Otros medicamentos como levodopa/carbidopa, gabapentin enacarbil y clonazepán tienen una evidencia de éxito moderada; y pregabalina y carbamazepina con una evidencia débil.

En las recomendaciones internacionales más recientes, el gabapentin enacarbil y la pregabalina han pasado a ser de primera línea, basados en estudios que demostraron su efectividad y la baja tasa de efectos adversos que presentan.

Estos agonistas dopaminérgicos pueden generar al inicio de su uso, náuseas, cefalea, mareo y somnolencia (incluyendo episodios de inicio súbito de sueño), los cuales tienden a mejorar en el tiempo. Así mismo, puede presentarse el llamado trastorno del control de impulsos. Existe tambien la posibilidad de que se presente un síndrome de abstinencia a agonistas dopaminérgicos cuando se suspenden o se disminuye la dosis. Otro efecto adverso, relacionado con el uso de la terapia dopaminérgica, es el fenómeno de aumento, éste consiste en el empeoramiento de los síntomas, o la anticipación de la aparición de los síntomas con respecto a la hora usual a la que inician cada noche.  

La rotigotina ha mostrado la mejor evidencia a largo plazo, con mejoría sostenida de los síntomas a 5 años en el 42 % de los pacientes.

Si se encuentra una deficiencia de hierro, se debe iniciar una suplementación del mismo con 65 mg diarios de hierro elemental en forma de sal de hierro (sulfato, fumarato), administrado con vitamina C y no acompañado de alimentos. Hoy hay experimentación con infusiones séricas masivas de hierro, con resultados exitosos en algunos pacientes, aún no confirmados definitivamente.

También se está llevando a cabo un tratamiento menos agresivo, la “Estimulación Magnética Craneal Repetitiva”, un tratamiento muy prometedor iniciado el año 2018 y que ha conseguido éxitos sin efectos secundarios.

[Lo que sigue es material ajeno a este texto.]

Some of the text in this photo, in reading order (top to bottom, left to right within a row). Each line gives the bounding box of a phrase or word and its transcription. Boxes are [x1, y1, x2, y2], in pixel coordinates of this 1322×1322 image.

Sobre el tratamiento psicológico, que no cura pero hace llevar mejor la enfermedad, están disponibles la terapia cognitivo-conductual, la higiene del sueño, la relajación dinámica, el ejercicio y los estiramientos. Pero esto queda para un segundo artículo.

No obstante desde A.E.S.P.I. en convenio con la asociación Información Sin Fronteras estamos buscando nuevos tratamientos complementarios a los tratamientos farmacológicos, a fin de reducir en parte la medicación (que tiene nocivos efectos secundarios) y usar la mínima dosis posible con un efecto beneficioso máximo; o si fuera posible prescindir de los fármacos y utilizar otras terapias alternativas como la acupuntura, masajes, medicina natural con hierbas, dietoterapia, homeopatía, paligenesia y cualquiera otra o todas juntas cuyos efectos sepamos que ha dado resultado positivo en algún paciente.

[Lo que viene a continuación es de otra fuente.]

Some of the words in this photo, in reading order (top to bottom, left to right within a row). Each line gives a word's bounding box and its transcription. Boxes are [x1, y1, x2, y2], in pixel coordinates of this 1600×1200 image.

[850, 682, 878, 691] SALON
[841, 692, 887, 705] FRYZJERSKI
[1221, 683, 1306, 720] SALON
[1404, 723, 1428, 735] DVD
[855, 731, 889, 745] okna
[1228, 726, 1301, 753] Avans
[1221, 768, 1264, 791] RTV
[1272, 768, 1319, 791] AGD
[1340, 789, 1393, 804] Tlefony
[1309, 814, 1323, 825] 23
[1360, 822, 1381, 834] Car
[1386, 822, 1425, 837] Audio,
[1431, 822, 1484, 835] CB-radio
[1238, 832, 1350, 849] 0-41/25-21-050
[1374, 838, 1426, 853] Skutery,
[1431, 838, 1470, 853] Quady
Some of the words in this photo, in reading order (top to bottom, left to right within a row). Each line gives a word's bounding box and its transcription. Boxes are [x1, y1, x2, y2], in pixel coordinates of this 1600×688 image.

Desde la Asociación Española De Pacientes Con El Sindrome De Piernas Inquietas, A.E.S.P.I., intentamos dar información, consejos para   sobrellevar la enfermedad con una calidad de vida aceptable y arropamos al paciente para esperar a que aparezca la tan necesitada cura.

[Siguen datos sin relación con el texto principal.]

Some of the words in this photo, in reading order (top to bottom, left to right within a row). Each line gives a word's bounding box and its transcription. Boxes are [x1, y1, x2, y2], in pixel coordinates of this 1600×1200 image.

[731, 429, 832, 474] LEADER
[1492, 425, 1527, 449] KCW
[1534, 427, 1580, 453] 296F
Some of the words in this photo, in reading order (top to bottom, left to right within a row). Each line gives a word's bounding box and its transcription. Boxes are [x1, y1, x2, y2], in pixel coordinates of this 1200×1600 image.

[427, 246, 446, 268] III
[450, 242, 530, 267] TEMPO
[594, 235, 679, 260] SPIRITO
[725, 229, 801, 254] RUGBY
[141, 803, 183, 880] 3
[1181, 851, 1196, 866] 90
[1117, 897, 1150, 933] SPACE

Esperamos que este trabajo ayude a conocer esta enfermedad, hasta ahora poco conocida, mal diagnosticada y aún en fase de investigación; para que los médicos de atención primaria la conozcan y remitan a sus pacientes a los especialistas, para que se investigue y se encuentren tratamientos médicos que remitan sus síntomas y mejor aun la curen.

AESPI nace con la vocación de informar a los enfermos de los síntomas, para que puedan identificarlos con un nombre, para que  sepan que hay otras personas que tienen sus mismos problemas, ofrecer consejos sobre cómo prevenir y aliviar los síntomas, así como las terapias naturales, psicológicas y médicas que se están aplicando en estos momentos.

Y finalmente damos a conocer nuestra asociación como institución benéfica de ayuda a los socios y que lucha por estimular a las Administraciones para conseguir que la enfermedad sea reconocida como tal, y a los profesionales de la medicina, laboratorios y empresas farmacéuticas para que encuentren una cura o remedios farmacológicos con mayor  vida eficaz y menos efectos secundarios.

Esta información ha sido recogida por el Psicólogo y Especialista Universitario en Psicología de la Salud Armando Jiménez (Psicólogo de AESPI), de conferencias impartidas en la sede de AESPI por los doctores  Diego García-Borreguero (Neurólogo), Oscar Larrosa (Neurofisiólogo) y Fermín Ordoño (Neurofisiólogo).